When folding the spectrum, the removed part is folded using a part
of the LB2 as illustrated in FIG. 5. The high frequency spectrum
may be generated by folding a result obtained by removing a part
corresponding to a specific frequency band from the spectrum of the
excitation signal generated in operation 315 or the excitation
spectrum generated in operation 320 according to Equation 3:
StartFreq=max(m*N.sub.FFT/N.sub.Band,N.sub.FFT/6.4) (3) where
StantFreq denotes a frequency from which folding starts, and
N.sub.FFT/N.sub.Band is 72.
[0072] In operation 330, a gain for each of the bands obtained by
the demultiplexing performed in operation 300 is decoded.
[0073] In operation 335, the gain for each of the bands decoded in
operation 330 is applied to the high frequency spectrum for each
band generated in operation 325. The envelope of the high frequency
spectrum is controlled by applying the gain to the high frequency
spectrum in operation 335.
[0074] In operation 340, perceptual noise is added to the high
frequency spectrum to which the gain has been applied in operation
335. The perceptual noise may be obtained from information included
in the bitstream.

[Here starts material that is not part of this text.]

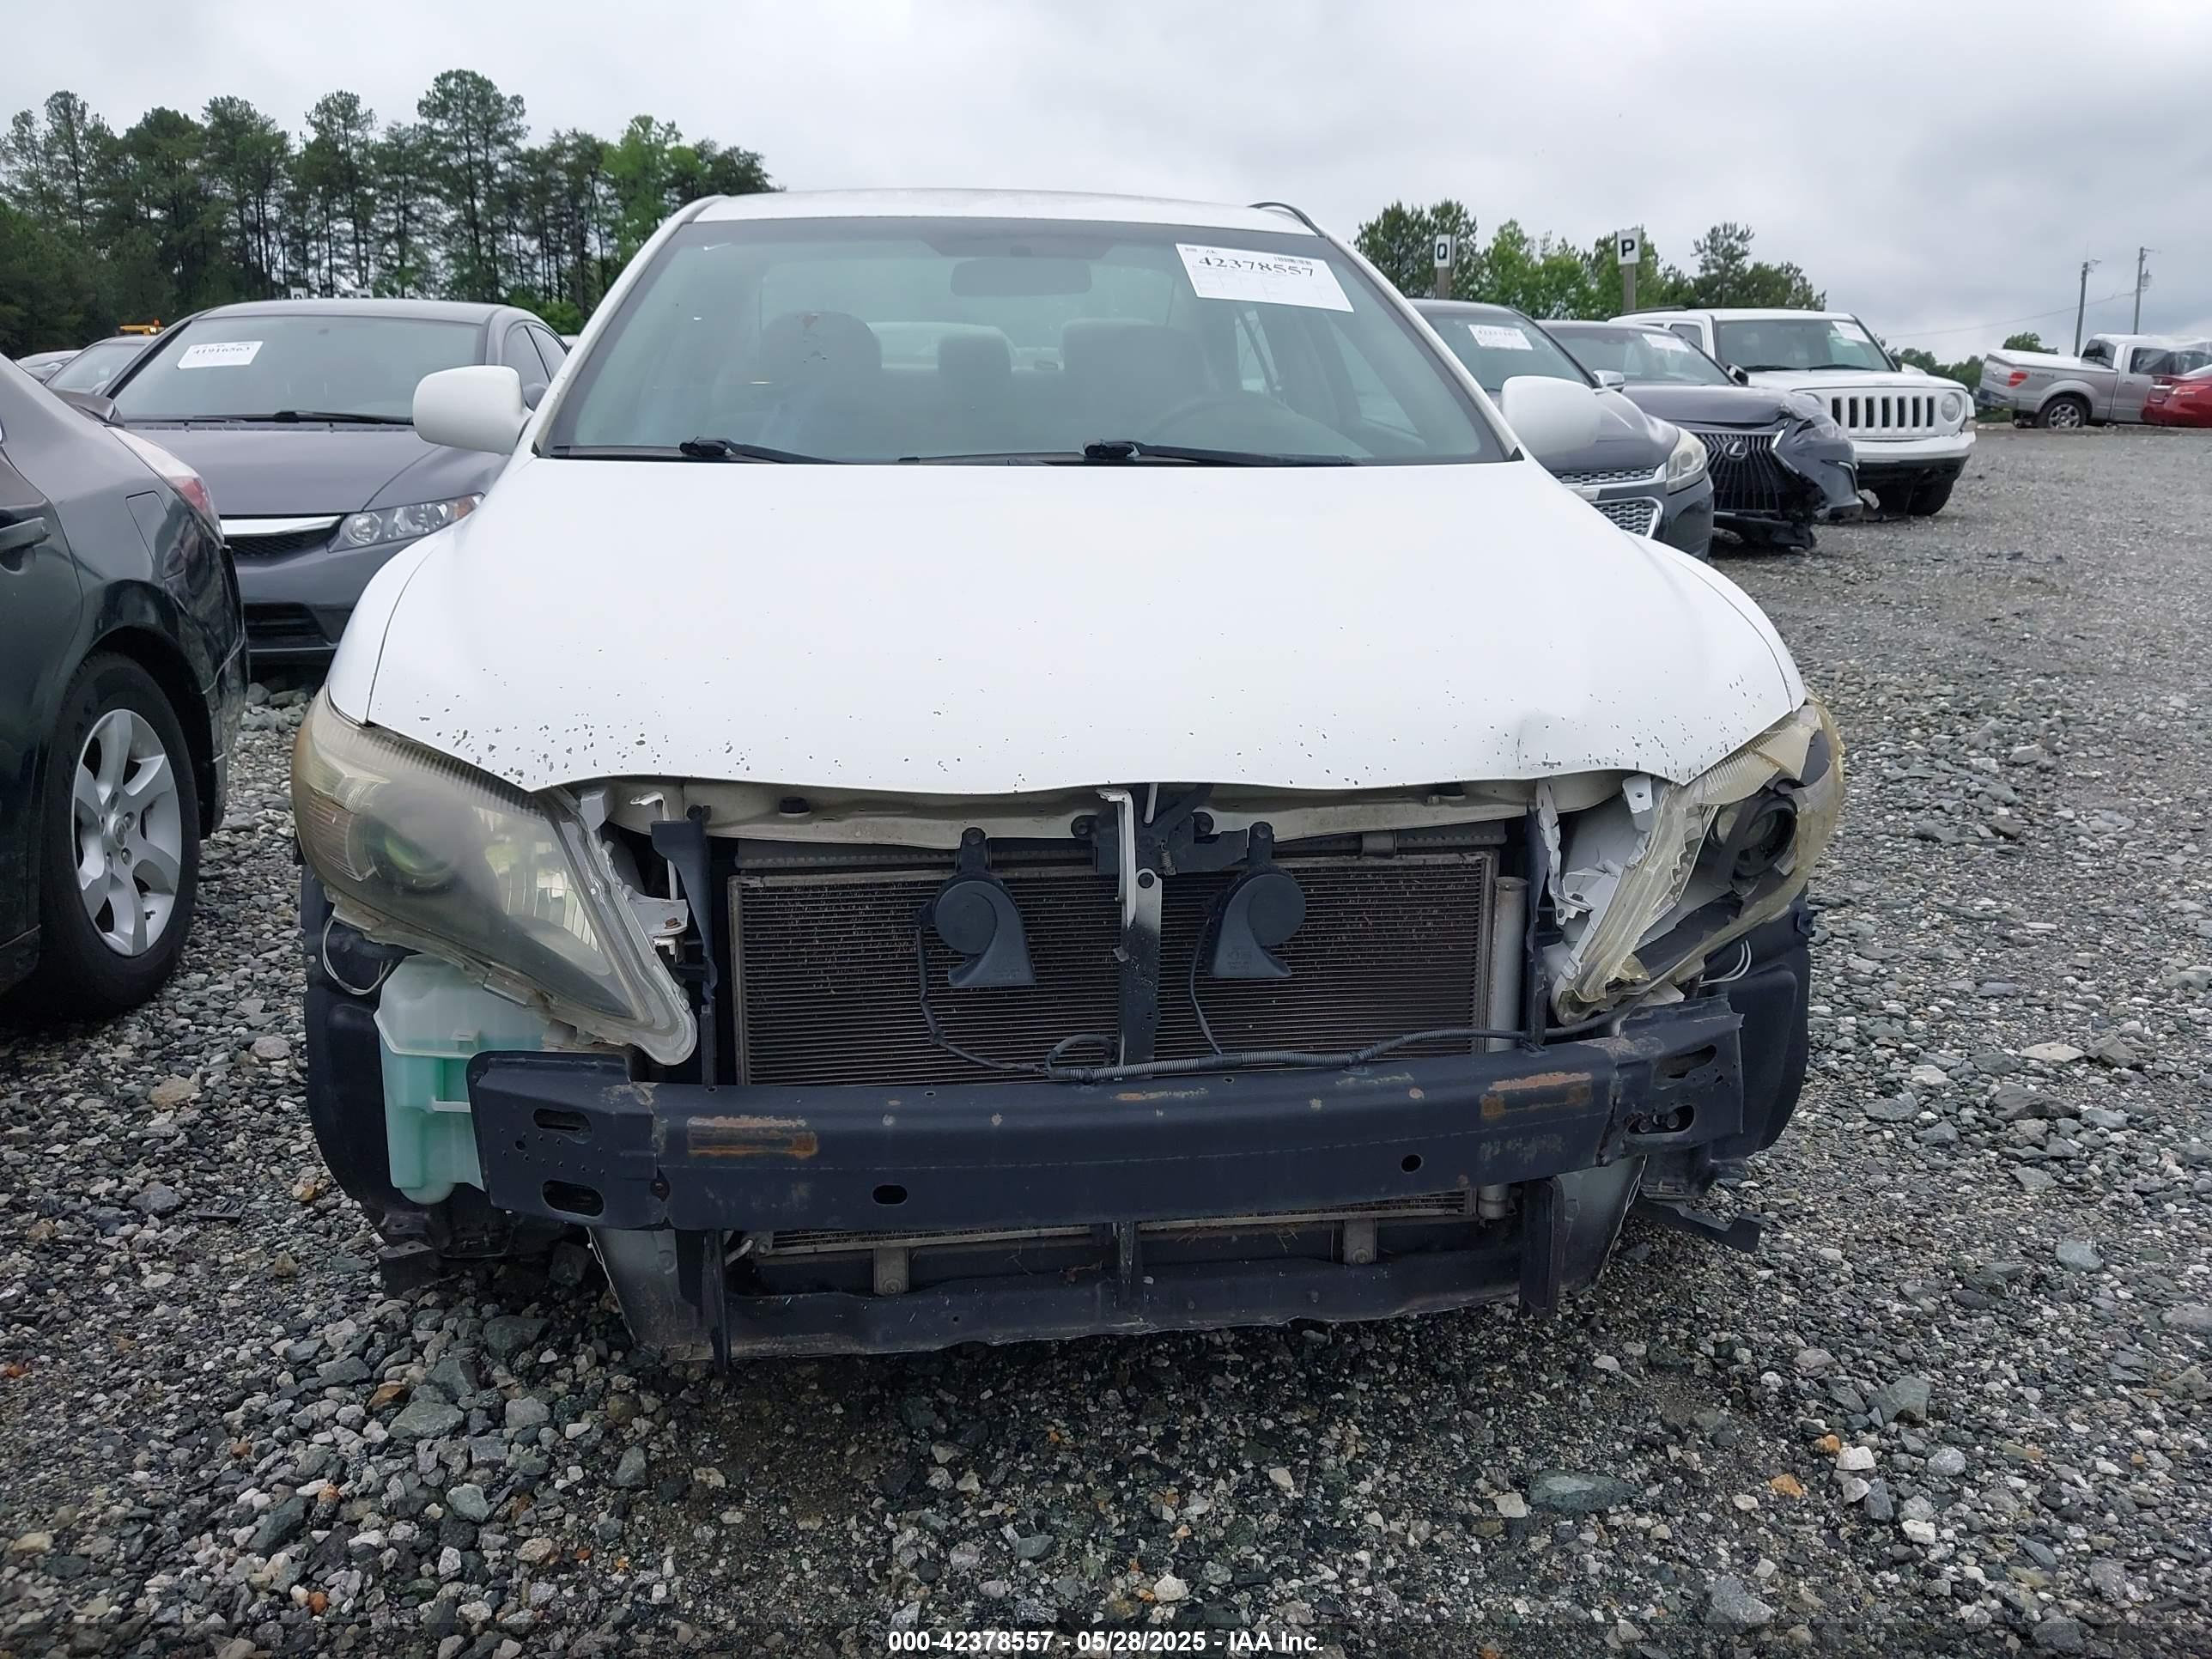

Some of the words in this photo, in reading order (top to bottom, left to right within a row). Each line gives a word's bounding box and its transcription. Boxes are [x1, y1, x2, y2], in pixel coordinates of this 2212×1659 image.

[1437, 242, 1448, 259] Q
[1620, 239, 1636, 258] P
[1198, 256, 1314, 277] 42378557

It is possible that the perceptual noise can be
determined by a characteristic of the bitstream.
[0075] In operation 340, the noise may be added using a parameter
received from an encoder, or may be adaptively added according to a
mode in which a decoder decodes the low frequency signal.

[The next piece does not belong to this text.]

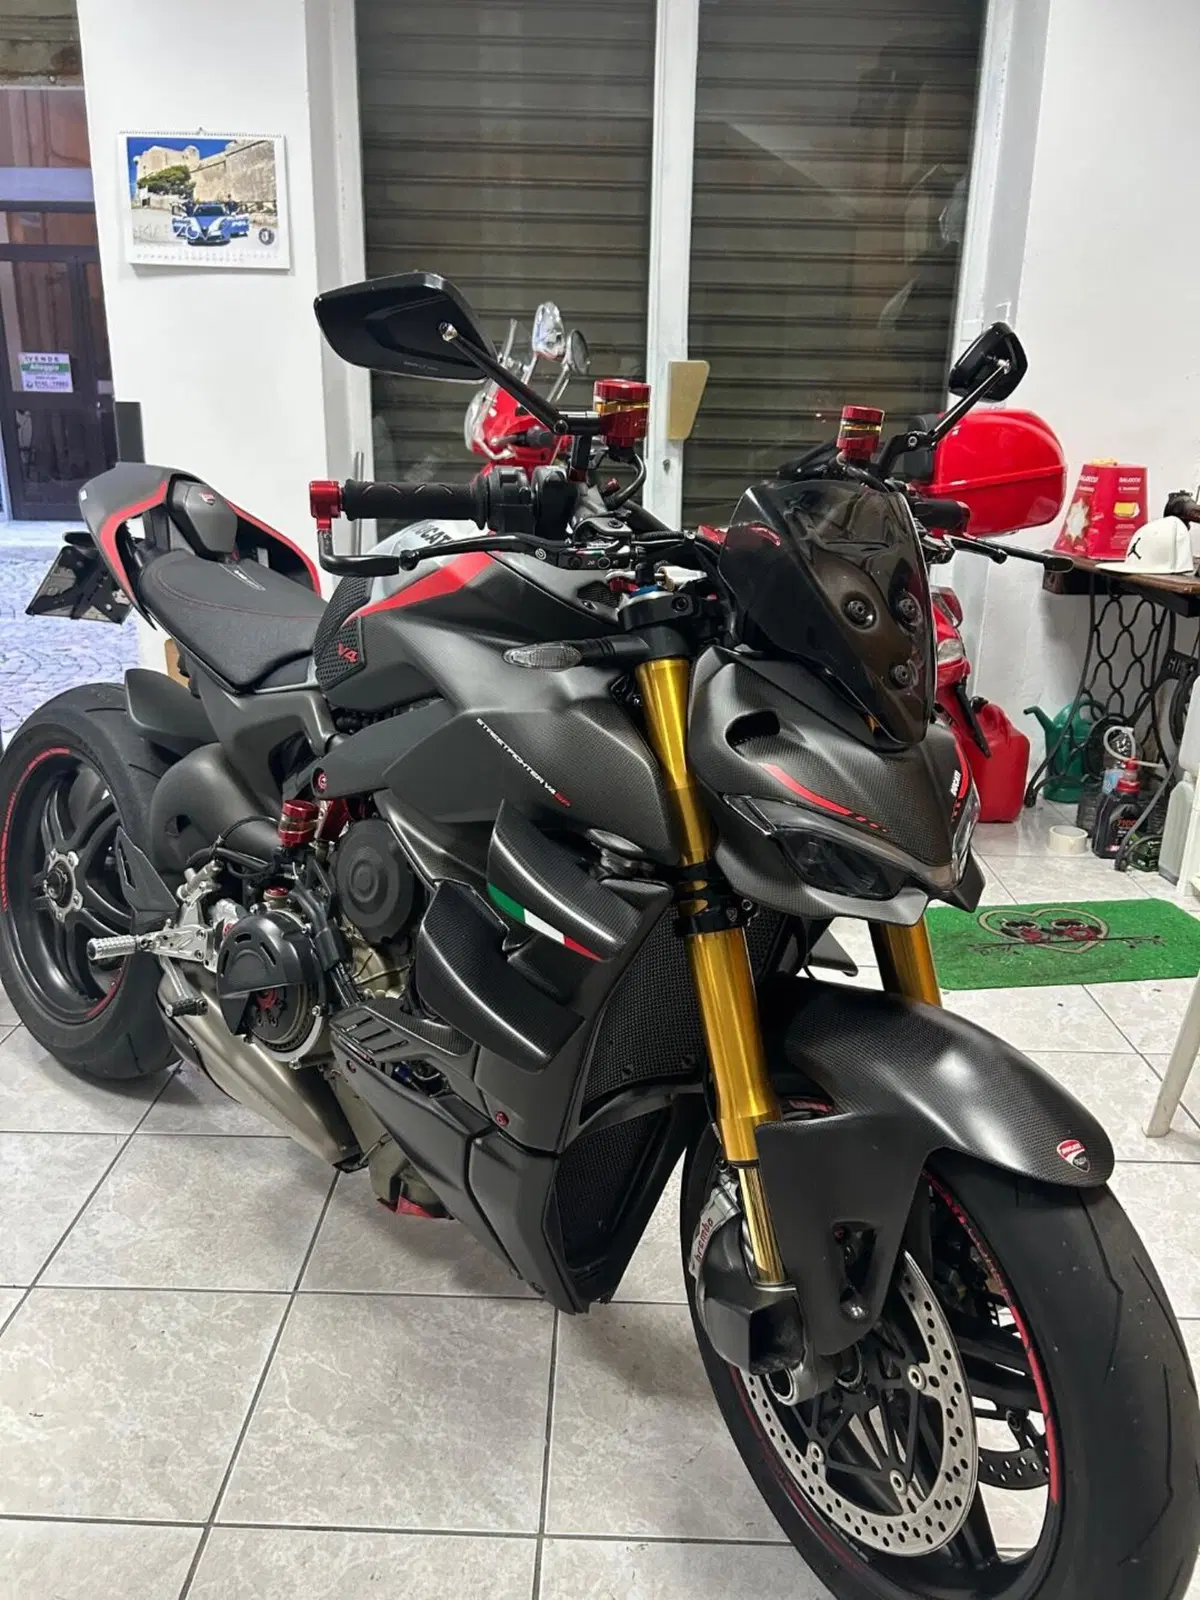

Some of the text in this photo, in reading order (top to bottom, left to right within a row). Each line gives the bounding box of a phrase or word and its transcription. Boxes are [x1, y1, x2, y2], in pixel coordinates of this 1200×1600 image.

[336, 641, 358, 663] V4
[476, 717, 545, 784] STREETFIGHTER
[544, 781, 556, 795] V4
[694, 1217, 714, 1263] brembo

[0076] The noise to be added is generated according to a pre-set
method stored in the decoder as shown in Equation 4:
HBCoef=HBcoef*scale+HBCoef*RandCoef*(1-scale) (4) where Randcoef
denotes a random number having an average value of 0 and a standard
deviation of 1, HBCoef denotes a high frequency spectrum, and scale
is calculated using the following Equations that depend on modes in
which the decoder decodes the low frequency signal.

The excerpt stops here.